これには深い事実が隠されているのを最近発見した。
先日、かねてから課題であった家の庭にある(ほんとの)物置の掃除をしていたら、亡くなった父が大事にとっていた工具やゴム製のマット、訳の分からない金属、無数の小ネジやナットが出てきた。

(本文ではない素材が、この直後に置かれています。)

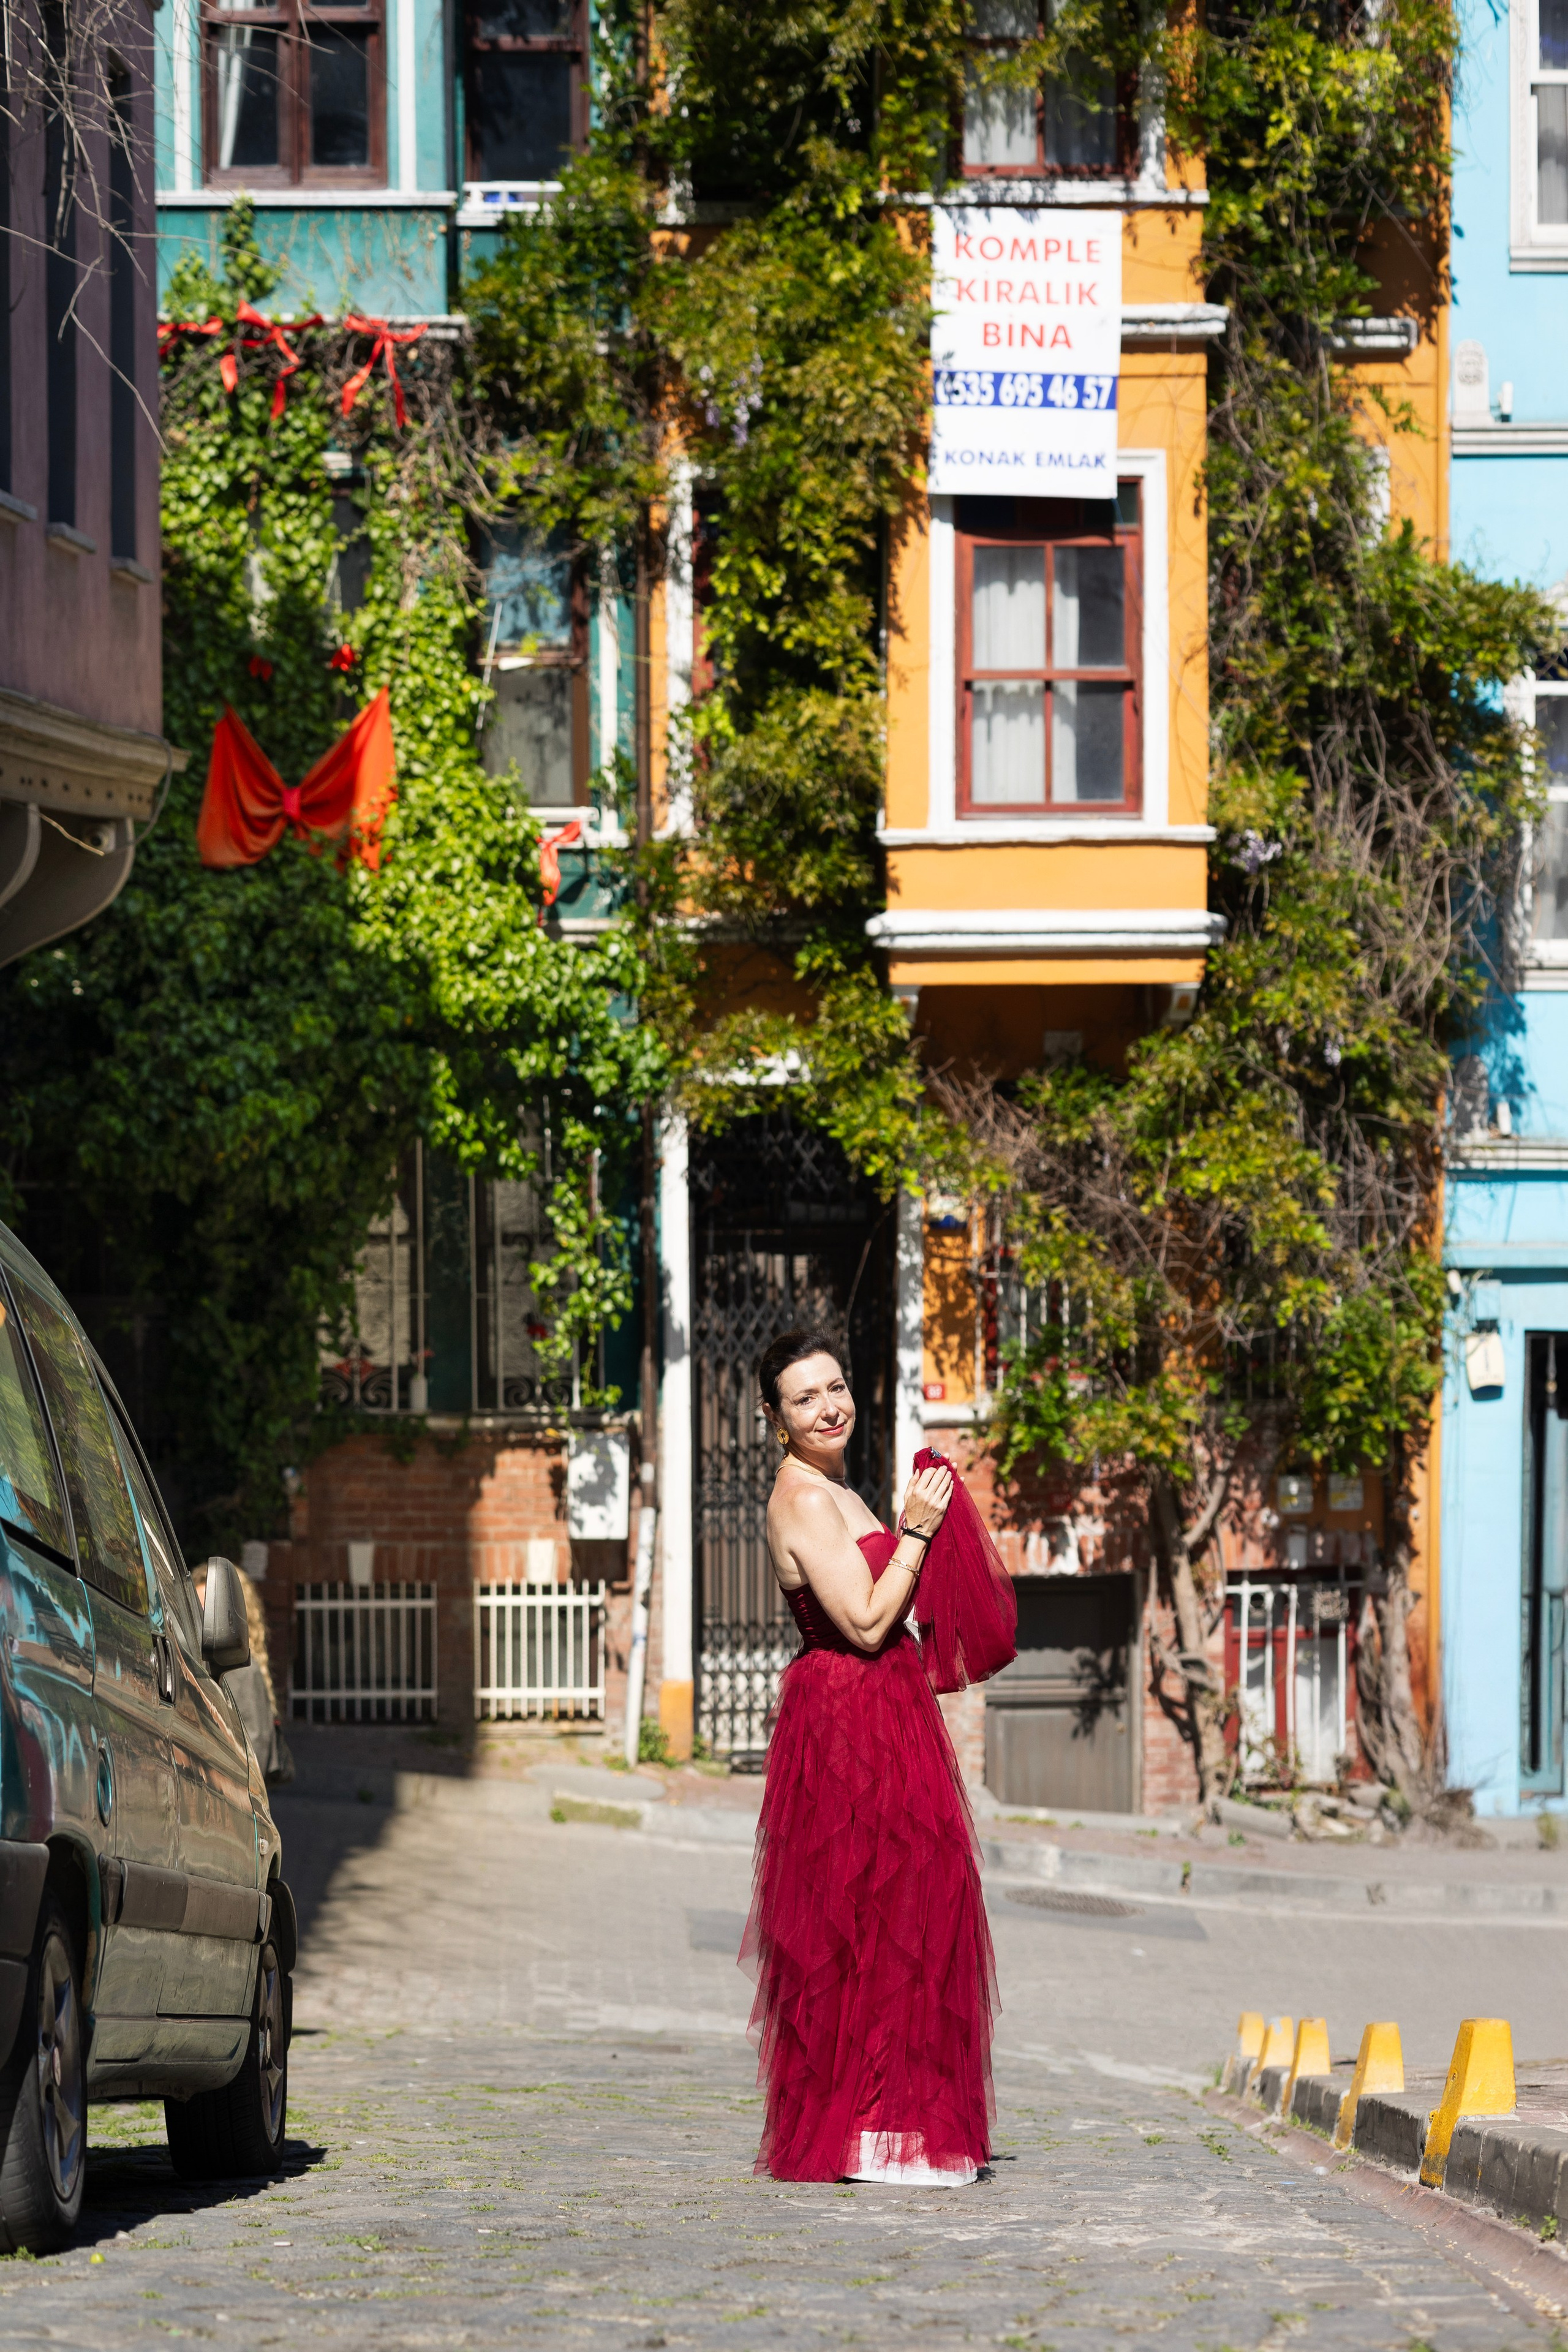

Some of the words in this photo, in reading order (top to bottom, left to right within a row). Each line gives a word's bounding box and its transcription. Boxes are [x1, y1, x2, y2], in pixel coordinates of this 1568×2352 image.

父が置いていたネジの一部と図面をメモしたノート(下)


父は電子メーカーの下請け工場で働いていた。たぶんそこで作ったか使ったものなのだろう。不要になったものを持ち帰り、今度何かの折りに使おうとするこの性格は、わたしそのものであり、まさに遺伝であった。
考えようによっては必要なときなどあまりないのである。父の死後そんなものがたくさんでてきていたが、便利なものもたしかになくはなかった。ある意味小ぶりな板やヒモ類など便利でありがたいこともあるが、こんな小ネジや金属などを大事に保管していたとは。たぶん昔はホームセンターがなかったからだろう。いざというとき買うとなると店もなくおまけに高価だったはずだ。
いまやコーナンに行けばありとあらゆる大工道具が安価に手に入る。父が生きているときには間に合わなかったが、もし父がコーナンを知れば飛び上がるほど喜び毎日行っていただろう。
いまや便利グッズ、たとえば冷蔵庫の中や小物の整理棚であるとか、丸形で物干し竿ごと留めれる洗濯ばさみであるとかは、コーナンにいつのまにか並んでいるが、昔はなんやかやとその種の「もしあれば便利だな」的なグッズは自分で材料を加工し作るしかなかった。そして多くの場合少量しか作れず間に合わなかったはずだ。
父は庭のレンガもななめにカッコよくつむなど既成のやり方を拒み、自分でどこかの家で見たようなデザイナー的なことをやりたがる人だった。
しかし本職でないためになかなかに苦労して試行錯誤していた。そのため完成するまで長くかかりいまだに中途半端な万里の長城と化している。
なにかにつけ不便で発展途上だった昔のことを思うと本当に個人のニッチなニーズに合った商品が安く手に入る時代になった。
ほとんどが中国か韓国製ではあるが。

話がややそれたが、ともかくそうやってものを置いておくばかりだと使わないものがどんどん増えていく。
なので捨てる技術が重要になる。
そこで、あのカリスマ主婦近藤則子の出番である。
朝日新聞の土曜版に「家事の花道」が連載されているが、そこにも常に掃除は捨てることに始まり捨てることに終わります的なありがたいが耳に痛いお言葉が随所に見られまぶしい。
近藤流捨てる技術はまず直近の物から整理せよ、ということだ。
昔のものは思い入れがあって捨てがたい。しかし最近のものはわりと簡単に要る要らないが判断できる。
そこでまず直近の事物を整理し、その感覚が消えないうちに昔のものにかかれば、すこしは簡単に判断できやすいというわけだ。
達人の教えに従い、試みてゆこう。
ここで日頃感じることだが女性はわりと潔いということである。
わたしの母は二年前にくも膜下出血で倒れて以後、あまりこだわらい性格に変身したが、もし前の性格であればわたしの部屋から飛び出して方々に散乱する本やファイルなどは、とっくの昔に捨てられ処理場で焼却されていたことだろう。
どうも男は傾向として思い切りが悪く思い出に執着するように思えてくる。